Some scientists are concerned that the uproar over President Trump’s enthusiastic embrace of hydroxychloroquine, a drug that he now says he takes daily, appears to be interfering with legitimate scientific research into whether the medicine might work to prevent coronavirus infection or treat the disease in its early stages.

Hydroxychloroquine, which is also widely used to treat lupus and other autoimmune diseases, has shown no real benefit for hospitalized coronavirus patients and may have contributed to some deaths, recent studies show. Some bioethicists are even calling for the Food and Drug Administration — which has warned that the drug can cause heart problems — to revoke an emergency waiver it granted in March to accept millions of doses of hydroxychloroquine into the national stockpile for use in hospitals.

Mr. Trump’s frequent pronouncements and misstatements — he has praised the drug as a “game changer” and a “miracle” — are only complicating matters, the scientists warned, politicizing the drug and creating a frenzy in the news media that is impeding research.

“The virus is not Democrat or Republican, and hydroxychloroquine is not Democrat or Republican, and I’m just hopeful that people would allow us to finish our scientific work,” said Dr.
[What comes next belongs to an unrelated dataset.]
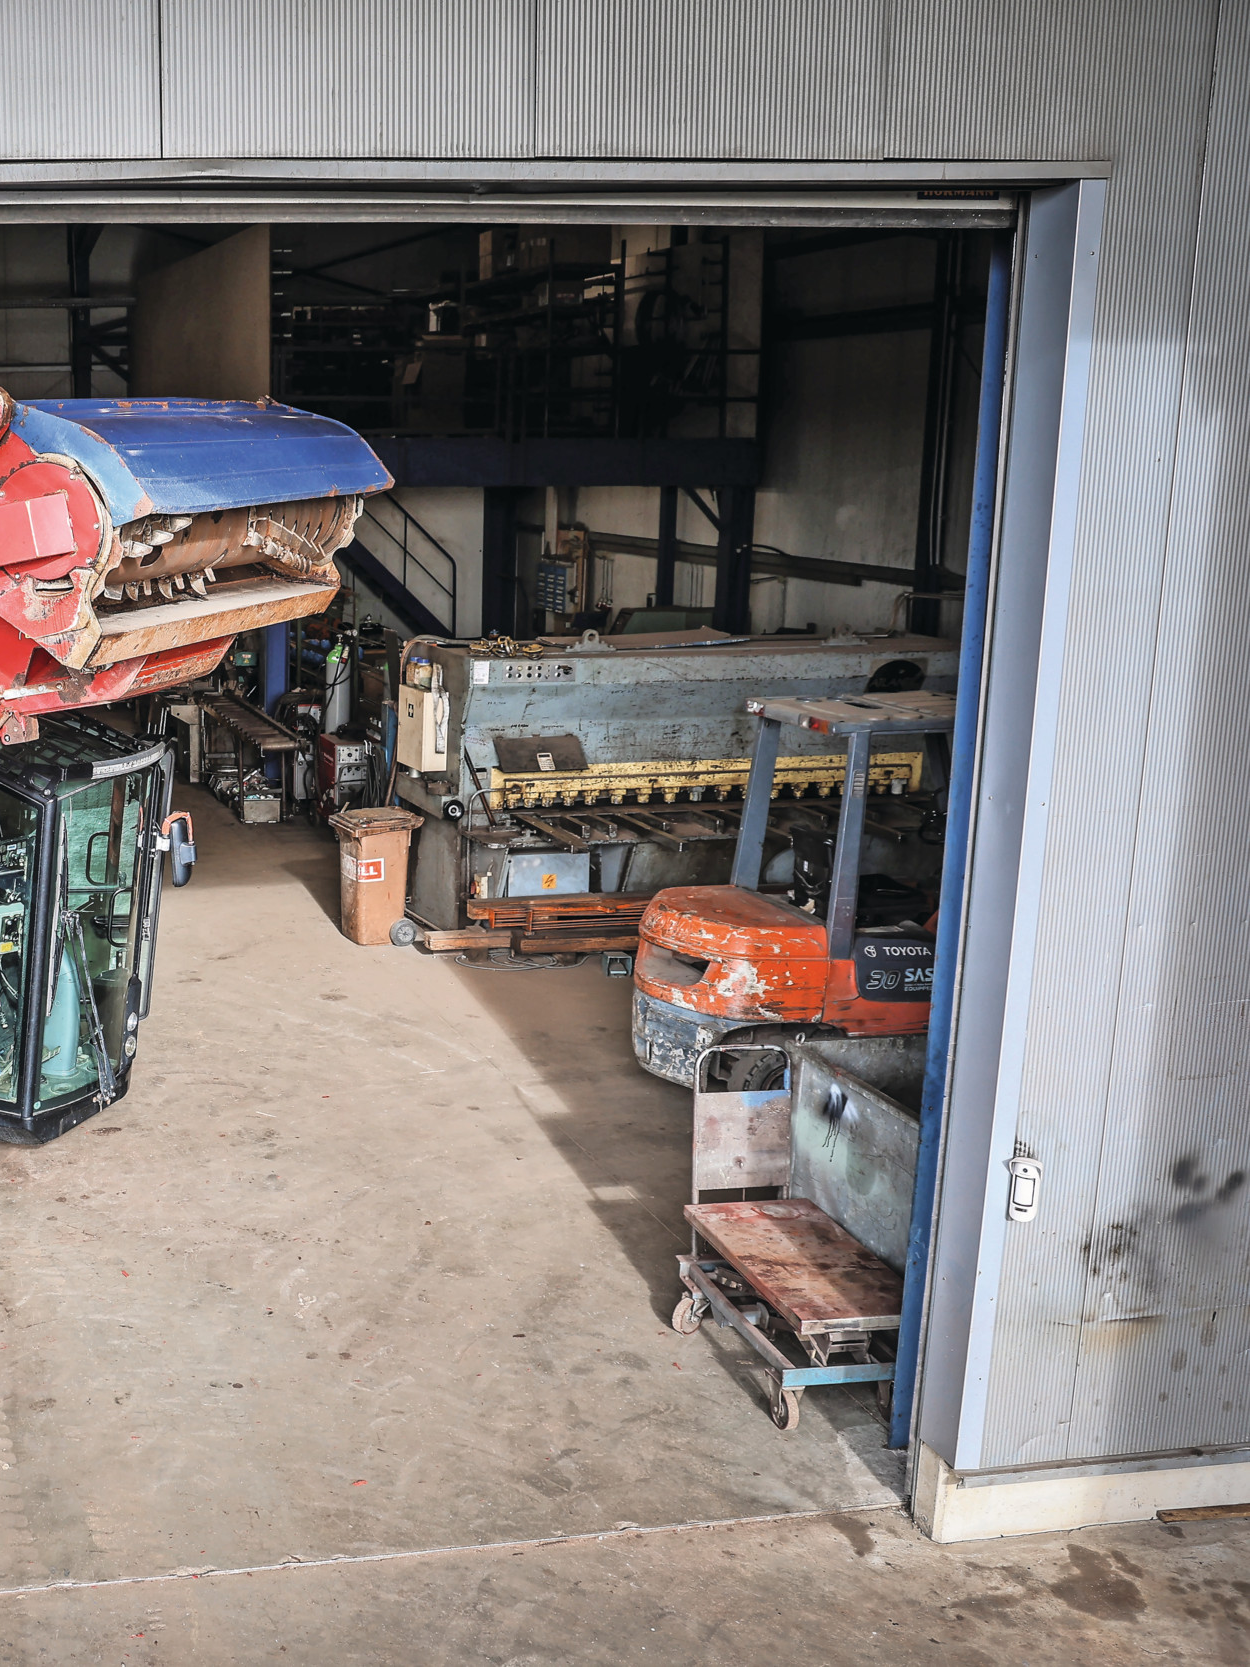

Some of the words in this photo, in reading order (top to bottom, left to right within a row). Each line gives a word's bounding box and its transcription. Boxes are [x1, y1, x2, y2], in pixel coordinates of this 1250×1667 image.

William O’Neill, an interventional cardiologist at Henry Ford Hospital in Detroit, who is studying hydroxychloroquine as a prophylactic in health care workers.
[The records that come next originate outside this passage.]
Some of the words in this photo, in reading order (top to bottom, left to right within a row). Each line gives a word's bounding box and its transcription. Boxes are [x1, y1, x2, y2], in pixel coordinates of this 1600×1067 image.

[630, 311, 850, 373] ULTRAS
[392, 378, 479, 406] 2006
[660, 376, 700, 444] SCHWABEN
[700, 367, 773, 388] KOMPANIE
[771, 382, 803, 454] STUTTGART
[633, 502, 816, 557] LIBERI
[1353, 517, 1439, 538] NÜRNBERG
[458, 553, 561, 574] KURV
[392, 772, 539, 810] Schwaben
“The worst thing in the world that would happen,” he added, “is that at the end of this epidemic, in late September, we don’t have a cure or a preventive because we let politics interfere with the scientific process.”

In a draft letter to the Journal of the American Medical Association, obtained by The New York Times, members of a research consortium complained that “negative media coverage” of hydroxychloroquine — in particular the studies showing it might have harmed hospitalized patients — “directly correlated” with a drop in enrollment in trials run by institutions including the University of Minnesota, the University of Washington, Columbia University in New York and Henry Ford Hospital.

“Healthy fear stimulates scientific discoveries; uncontrolled fear inhibits scientific advancements,” the researchers wrote. “Politics and sensationalized journalism must not interfere with the integrity of much needed clinical trials.”

Mr. Trump said on Tuesday that he decided to take hydroxychloroquine after his valet tested positive for Covid-19. “It’s gotten a bad reputation only because I’m promoting it,” the president added. “If anybody else were promoting it, they would say it’s the best thing ever.”